Bernard Sibanda edited this page Dec 17, 2025 · 1 revision

FP13 Graham Hutton Video

Table of Contents

  1. What is the Countdown Numbers Game?
  2. The Game Rules (and why they matter for code)
  3. Representing Arithmetic Operators in Haskell (Op)
  4. Giving Operators Meaning (apply)
  5. Enforcing Game Rules (valid)
  6. Representing Expressions (Expr)
  7. Evaluating Expressions with Failure (eval) using Lists
  8. Formalizing “What is a solution?” (choices, values, solution)
  9. Brute Force Solver (split, exprs, combine, solutions)
  10. Why brute force is slow (invalid expressions dominate)
  11. Program Fusion: generate + evaluate together (Result, results, solutions')
  12. Further Optimization: exploiting commutativity + identity in valid (solutions'')
  13. Summary: performance improvements and takeaways
  14. Glossary
  15. Mini-exercises (with solutions)

1) What is the Countdown Numbers Game?

You’re given:

  • Source numbers (typically 6): e.g. 1, 3, 7, 10, 25, 50
  • A target number: e.g. 765
  • Allowed operators: + − × ÷

Goal: build an arithmetic expression using the source numbers (each at most once) that evaluates to the target.

Example solution for target 765:

  • (25 - 10) * (50 + 1) = 15 * 51 = 765

Not every target is solvable (e.g. the lecture mentioned 831 as unsolvable for that source set).

2) The Game Rules (and why they matter for code)

Two key constraints drive the design:

  1. Only positive natural numbers are allowed at every step:

    • No negatives (so 1 - 2 is invalid)
    • No zero
    • No fractions (so 2 / 4 is invalid)
  2. Each source number may be used at most once.

These constraints are enforced in the solver by careful evaluation rules and validity checks.

3) Representing Operators (Op)

We declare a simple algebraic data type:

data Op = Add | Sub | Mul | Div

This is just structure—these names have meaning only once we define how to interpret them.

4) Giving Operators Meaning (apply)

apply executes an operator on two integers:

apply :: Op -> Int -> Int -> Int
apply Add x y = x + y
apply Sub x y = x - y
apply Mul x y = x * y
apply Div x y = x `div` y

Note: division is integer division.

5) Enforcing Game Rules (valid)

valid checks whether applying an operator to two positive natural numbers stays within the allowed domain.

valid :: Op -> Int -> Int -> Bool
valid Add _ _ = True
valid Sub x y = x > y
valid Mul _ _ = True
valid Div x y = x `mod` y == 0

Interpretation:

  • Add and Mul always keep you in positive naturals (given positive inputs).
  • Sub must ensure x > y to avoid zero/negative results.
  • Div must be exact (no remainder) to avoid fractions.

6) Representing Expressions (Expr)

An expression is either:

  • a value like Val 25
  • or applying an operator to two subexpressions
data Expr = Val Int | App Op Expr Expr

Example: 1 + 2 becomes:

App Add (Val 1) (Val 2)

7) Evaluating Expressions with Failure (eval)

We want evaluation to fail if it produces invalid intermediate results.
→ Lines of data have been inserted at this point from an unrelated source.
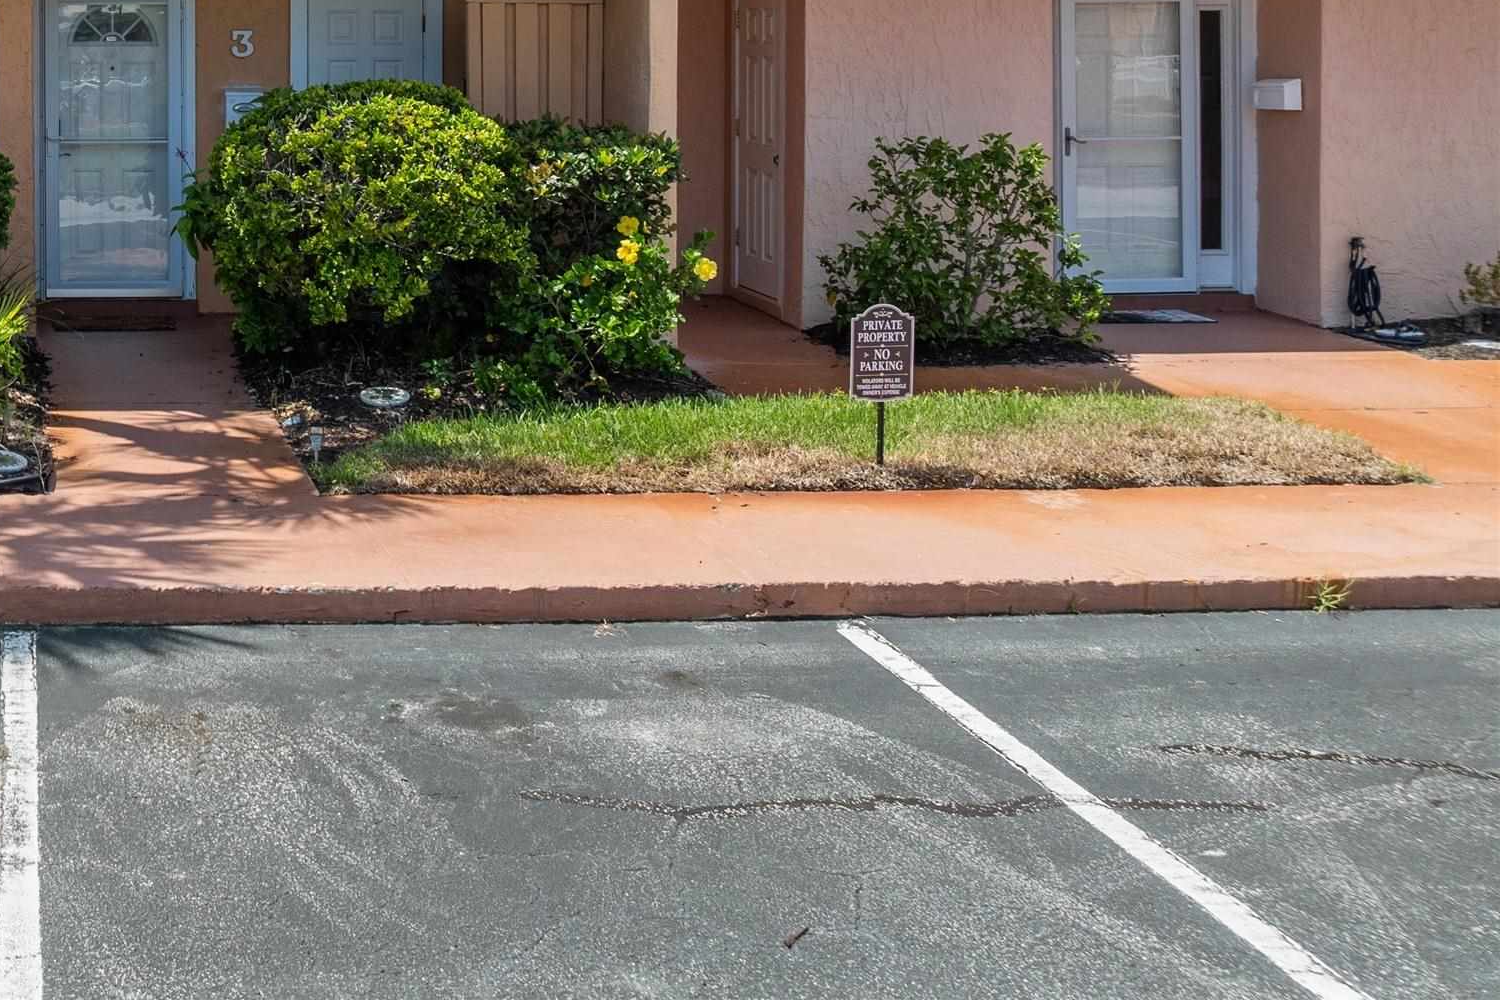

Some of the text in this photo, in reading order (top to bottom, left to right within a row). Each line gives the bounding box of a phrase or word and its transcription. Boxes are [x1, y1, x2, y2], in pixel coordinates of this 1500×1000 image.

[229, 29, 254, 58] 3
[862, 320, 903, 330] PRIVATE
[857, 332, 907, 342] PROPERTY
[874, 348, 890, 360] NO
[860, 360, 903, 371] PARKING
The lecture uses a neat trick: represent “success/failure” using a list:

  • Success: singleton list [n]
  • Failure: empty list []
eval :: Expr -> [Int]
eval (Val n) = [n | n > 0]
eval (App o l r) =
  [ apply o x y
  | x <- eval l
  , y <- eval r
  , valid o x y
  ]

Why this works well:

  • If eval l fails, it becomes [], and the whole list comprehension produces [].
  • Same for eval r.
  • If valid fails, the guard blocks that branch.
  • List comprehensions automatically propagate failure without explicit if plumbing.

This is like using lists as a lightweight “maybe” / nondeterminism mechanism.

8) Formalizing “What is a solution?”

8.1 choices

choices generates all ways of selecting 0 or more elements from a list, allowing different orders. Example for [1,2] yields 5 results: [], [1], [2], [1,2], [2,1]

Type:

choices :: [a] -> [[a]]

8.2 values

Extract the leaf numbers in an expression:

values :: Expr -> [Int]
values (Val n)       = [n]
values (App _ l r)   = values l ++ values r

8.3 solution

A candidate expression is a solution if:

  1. its values are one of the choices from the source numbers
  2. eval e succeeds and equals the target
solution :: Expr -> [Int] -> Int -> Bool
solution e ns n =
  values e `elem` choices ns && eval e == [n]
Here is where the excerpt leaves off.